### PROBLEM
Write out each record below, word for word.
(ENTRIES PROVIDED Opens)
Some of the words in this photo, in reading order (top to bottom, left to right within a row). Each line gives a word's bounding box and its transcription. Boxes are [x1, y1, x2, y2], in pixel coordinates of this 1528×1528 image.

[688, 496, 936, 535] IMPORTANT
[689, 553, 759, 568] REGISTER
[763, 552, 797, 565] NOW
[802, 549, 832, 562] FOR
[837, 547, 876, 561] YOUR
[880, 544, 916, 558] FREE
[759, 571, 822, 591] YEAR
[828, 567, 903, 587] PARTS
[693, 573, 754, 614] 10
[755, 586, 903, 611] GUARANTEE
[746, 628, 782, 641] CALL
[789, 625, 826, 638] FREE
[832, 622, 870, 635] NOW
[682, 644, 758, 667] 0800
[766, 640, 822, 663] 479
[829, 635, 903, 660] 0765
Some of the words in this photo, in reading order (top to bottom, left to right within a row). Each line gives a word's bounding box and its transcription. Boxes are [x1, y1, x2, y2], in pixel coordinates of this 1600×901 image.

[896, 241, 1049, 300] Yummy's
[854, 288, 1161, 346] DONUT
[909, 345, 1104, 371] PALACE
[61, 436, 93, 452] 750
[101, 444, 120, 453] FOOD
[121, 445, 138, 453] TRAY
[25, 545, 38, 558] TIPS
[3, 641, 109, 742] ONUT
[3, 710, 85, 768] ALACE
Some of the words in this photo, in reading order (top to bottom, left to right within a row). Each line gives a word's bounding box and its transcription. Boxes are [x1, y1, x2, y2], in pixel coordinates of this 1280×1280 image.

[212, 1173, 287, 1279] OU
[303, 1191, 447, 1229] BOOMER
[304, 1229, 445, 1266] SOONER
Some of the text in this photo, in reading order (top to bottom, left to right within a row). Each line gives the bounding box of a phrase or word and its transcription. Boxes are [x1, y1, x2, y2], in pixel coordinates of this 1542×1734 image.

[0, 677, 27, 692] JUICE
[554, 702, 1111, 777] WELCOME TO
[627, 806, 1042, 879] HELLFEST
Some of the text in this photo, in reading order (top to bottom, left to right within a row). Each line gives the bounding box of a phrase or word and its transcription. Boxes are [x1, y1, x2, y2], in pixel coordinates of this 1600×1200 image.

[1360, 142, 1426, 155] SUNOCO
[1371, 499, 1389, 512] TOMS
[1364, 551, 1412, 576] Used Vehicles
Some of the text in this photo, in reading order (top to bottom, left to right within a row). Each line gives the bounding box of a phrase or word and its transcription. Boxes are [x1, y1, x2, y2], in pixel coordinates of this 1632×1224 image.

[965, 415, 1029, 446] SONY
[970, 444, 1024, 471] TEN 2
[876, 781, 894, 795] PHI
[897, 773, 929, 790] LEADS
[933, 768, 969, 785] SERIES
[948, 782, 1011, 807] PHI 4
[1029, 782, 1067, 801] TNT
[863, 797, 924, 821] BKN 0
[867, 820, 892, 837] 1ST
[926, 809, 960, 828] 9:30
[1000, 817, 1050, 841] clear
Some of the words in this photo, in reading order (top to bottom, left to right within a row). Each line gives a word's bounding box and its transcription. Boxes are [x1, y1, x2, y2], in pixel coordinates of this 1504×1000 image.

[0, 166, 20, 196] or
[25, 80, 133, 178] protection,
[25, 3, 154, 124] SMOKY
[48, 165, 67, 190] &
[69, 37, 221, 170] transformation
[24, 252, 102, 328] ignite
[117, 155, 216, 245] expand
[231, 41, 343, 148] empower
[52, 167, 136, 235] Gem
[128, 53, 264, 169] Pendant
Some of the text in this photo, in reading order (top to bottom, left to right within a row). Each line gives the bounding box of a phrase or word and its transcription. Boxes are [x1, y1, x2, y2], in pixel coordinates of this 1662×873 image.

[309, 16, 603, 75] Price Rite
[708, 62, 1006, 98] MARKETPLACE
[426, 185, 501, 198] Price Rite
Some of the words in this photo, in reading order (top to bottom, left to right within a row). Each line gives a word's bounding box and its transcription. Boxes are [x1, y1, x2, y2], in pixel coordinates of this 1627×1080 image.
(ENTRIES PROVIDED Closes)
### TASK ANSWER
Some of the words in this photo, in reading order (top to bottom, left to right within a row). Each line gives a word's bounding box and its transcription. Boxes are [x1, y1, x2, y2], in pixel coordinates of this 1528×1528 image.

[688, 496, 936, 535] IMPORTANT
[689, 553, 759, 568] REGISTER
[763, 552, 797, 565] NOW
[802, 549, 832, 562] FOR
[837, 547, 876, 561] YOUR
[880, 544, 916, 558] FREE
[759, 571, 822, 591] YEAR
[828, 567, 903, 587] PARTS
[693, 573, 754, 614] 10
[755, 586, 903, 611] GUARANTEE
[746, 628, 782, 641] CALL
[789, 625, 826, 638] FREE
[832, 622, 870, 635] NOW
[682, 644, 758, 667] 0800
[766, 640, 822, 663] 479
[829, 635, 903, 660] 0765
Some of the words in this photo, in reading order (top to bottom, left to right within a row). Each line gives a word's bounding box and its transcription. Boxes are [x1, y1, x2, y2], in pixel coordinates of this 1600×901 image.

[896, 241, 1049, 300] Yummy's
[854, 288, 1161, 346] DONUT
[909, 345, 1104, 371] PALACE
[61, 436, 93, 452] 750
[101, 444, 120, 453] FOOD
[121, 445, 138, 453] TRAY
[25, 545, 38, 558] TIPS
[3, 641, 109, 742] ONUT
[3, 710, 85, 768] ALACE
Some of the words in this photo, in reading order (top to bottom, left to right within a row). Each line gives a word's bounding box and its transcription. Boxes are [x1, y1, x2, y2], in pixel coordinates of this 1280×1280 image.

[212, 1173, 287, 1279] OU
[303, 1191, 447, 1229] BOOMER
[304, 1229, 445, 1266] SOONER
Some of the text in this photo, in reading order (top to bottom, left to right within a row). Each line gives the bounding box of a phrase or word and its transcription. Boxes are [x1, y1, x2, y2], in pixel coordinates of this 1542×1734 image.

[0, 677, 27, 692] JUICE
[554, 702, 1111, 777] WELCOME TO
[627, 806, 1042, 879] HELLFEST
Some of the text in this photo, in reading order (top to bottom, left to right within a row). Each line gives the bounding box of a phrase or word and its transcription. Boxes are [x1, y1, x2, y2], in pixel coordinates of this 1600×1200 image.

[1360, 142, 1426, 155] SUNOCO
[1371, 499, 1389, 512] TOMS
[1364, 551, 1412, 576] Used Vehicles
Some of the text in this photo, in reading order (top to bottom, left to right within a row). Each line gives the bounding box of a phrase or word and its transcription. Boxes are [x1, y1, x2, y2], in pixel coordinates of this 1632×1224 image.

[965, 415, 1029, 446] SONY
[970, 444, 1024, 471] TEN 2
[876, 781, 894, 795] PHI
[897, 773, 929, 790] LEADS
[933, 768, 969, 785] SERIES
[948, 782, 1011, 807] PHI 4
[1029, 782, 1067, 801] TNT
[863, 797, 924, 821] BKN 0
[867, 820, 892, 837] 1ST
[926, 809, 960, 828] 9:30
[1000, 817, 1050, 841] clear
Some of the words in this photo, in reading order (top to bottom, left to right within a row). Each line gives a word's bounding box and its transcription. Boxes are [x1, y1, x2, y2], in pixel coordinates of this 1504×1000 image.

[0, 166, 20, 196] or
[25, 80, 133, 178] protection,
[25, 3, 154, 124] SMOKY
[48, 165, 67, 190] &
[69, 37, 221, 170] transformation
[24, 252, 102, 328] ignite
[117, 155, 216, 245] expand
[231, 41, 343, 148] empower
[52, 167, 136, 235] Gem
[128, 53, 264, 169] Pendant
Some of the text in this photo, in reading order (top to bottom, left to right within a row). Each line gives the bounding box of a phrase or word and its transcription. Boxes are [x1, y1, x2, y2], in pixel coordinates of this 1662×873 image.

[309, 16, 603, 75] Price Rite
[708, 62, 1006, 98] MARKETPLACE
[426, 185, 501, 198] Price Rite
Some of the words in this photo, in reading order (top to bottom, left to right within a row). Each line gives a word's bounding box and its transcription. Boxes are [x1, y1, x2, y2], in pixel coordinates of this 1627×1080 image.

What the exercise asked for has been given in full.